• _Task directions_
Restate each record below word for word, skipping images.

[Data items]
Start of Block

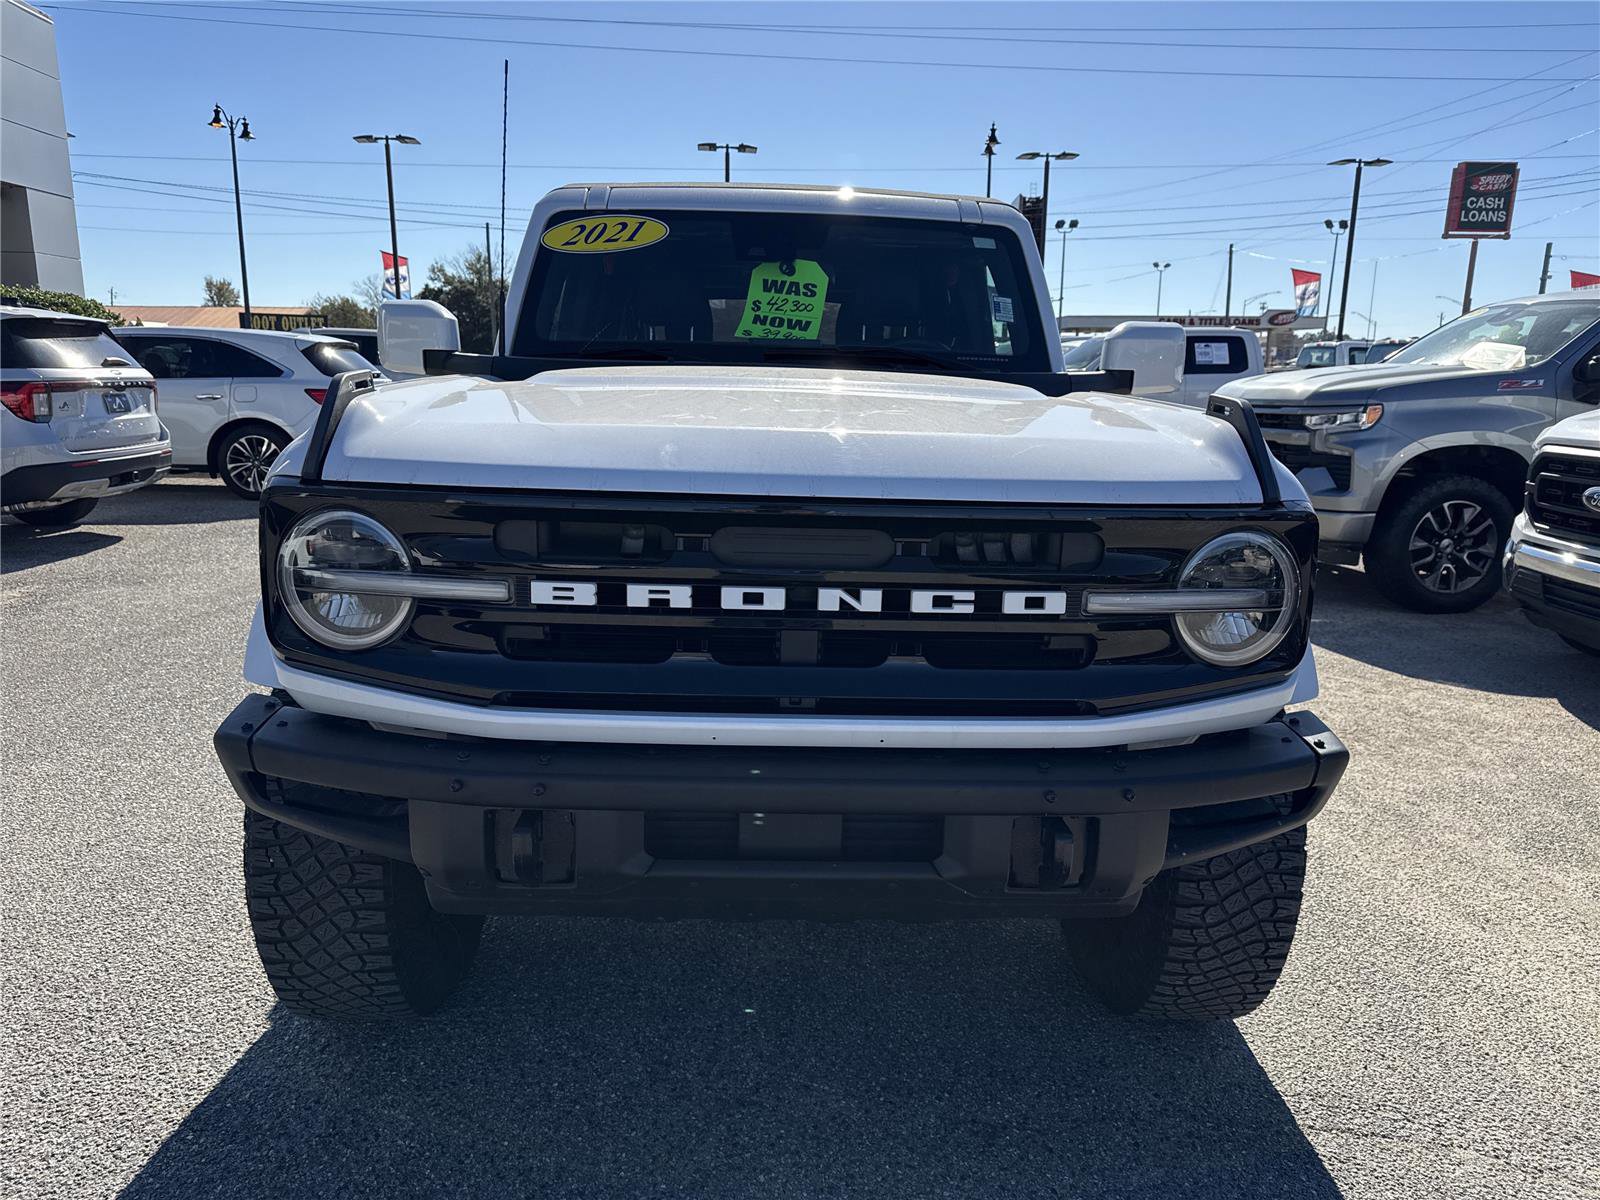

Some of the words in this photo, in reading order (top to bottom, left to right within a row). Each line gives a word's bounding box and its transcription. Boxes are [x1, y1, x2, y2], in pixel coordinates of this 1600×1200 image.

[1479, 174, 1512, 185] SPEEDY
[1479, 183, 1507, 191] CASH
[1467, 197, 1505, 209] CASH
[1460, 210, 1507, 222] LOANS
[561, 221, 648, 247] 2021
[762, 278, 818, 297] WAS
[751, 299, 762, 313] $
[766, 296, 814, 315] 42,300
[250, 315, 277, 330] OOT
[751, 314, 813, 332] NOW
[1198, 318, 1225, 326] TITLE
[1228, 318, 1261, 326] LOANS
[530, 579, 1067, 614] BRONCO
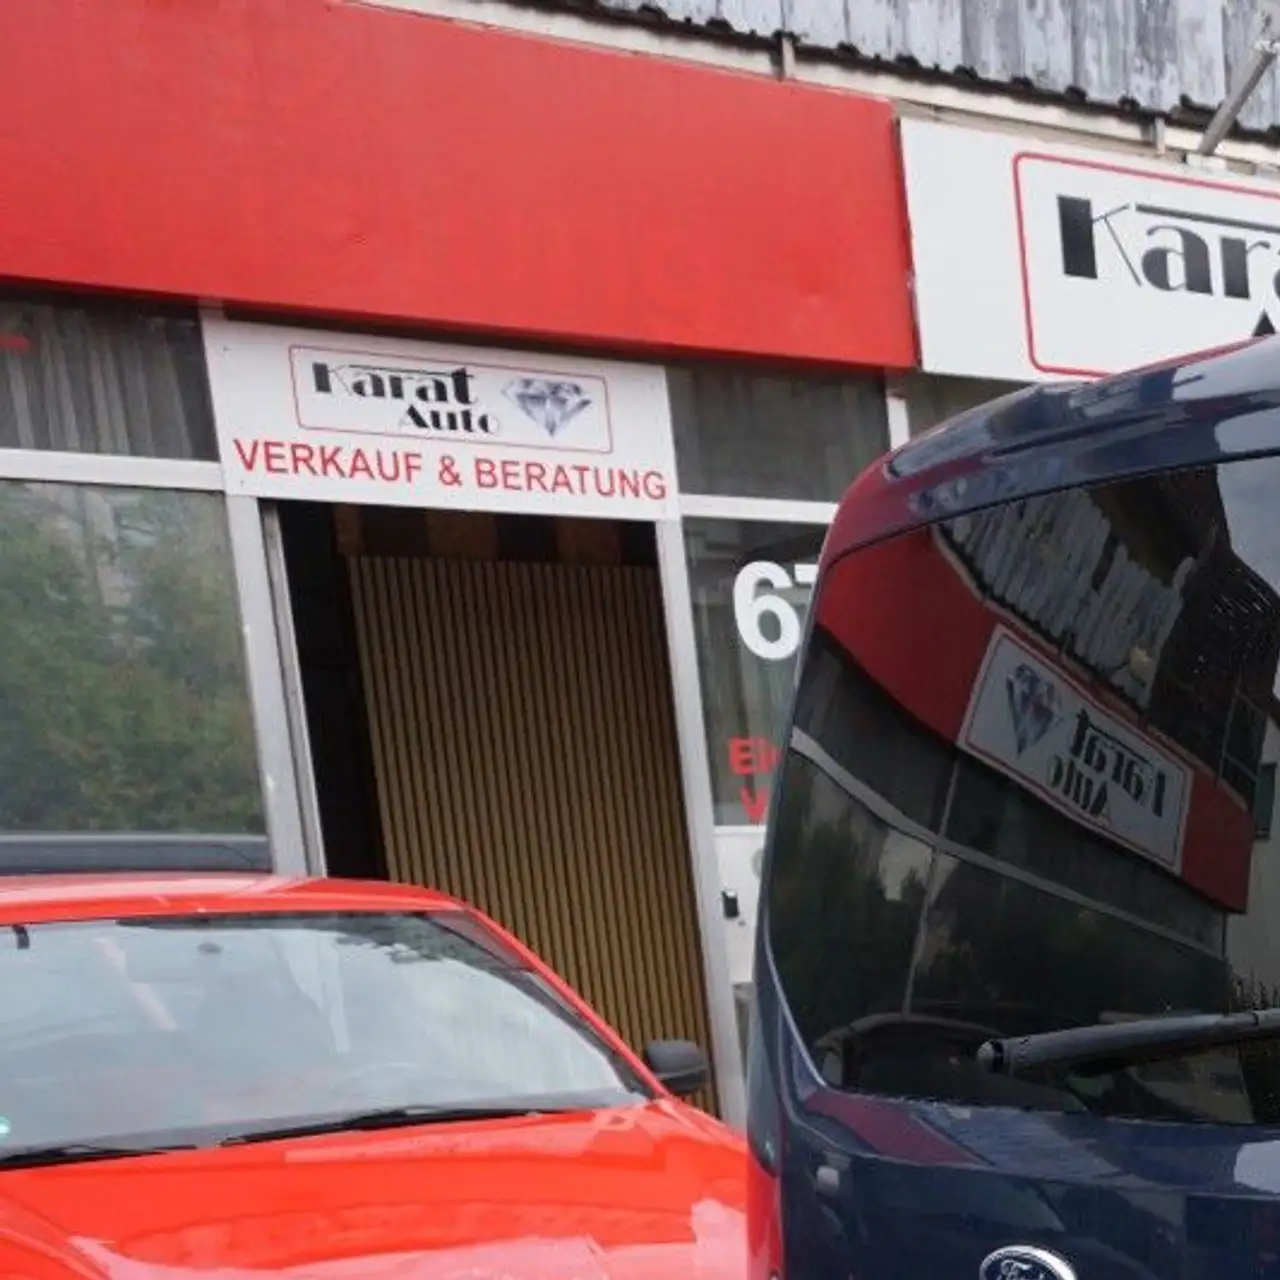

End of Block

• _Written solution_
Some of the words in this photo, in reading order (top to bottom, left to right within a row). Each line gives a word's bounding box and its transcription. Boxes are [x1, y1, x2, y2], in pixel coordinates of this 1600×1200 image.

[1479, 174, 1512, 185] SPEEDY
[1479, 183, 1507, 191] CASH
[1467, 197, 1505, 209] CASH
[1460, 210, 1507, 222] LOANS
[561, 221, 648, 247] 2021
[762, 278, 818, 297] WAS
[751, 299, 762, 313] $
[766, 296, 814, 315] 42,300
[250, 315, 277, 330] OOT
[751, 314, 813, 332] NOW
[1198, 318, 1225, 326] TITLE
[1228, 318, 1261, 326] LOANS
[530, 579, 1067, 614] BRONCO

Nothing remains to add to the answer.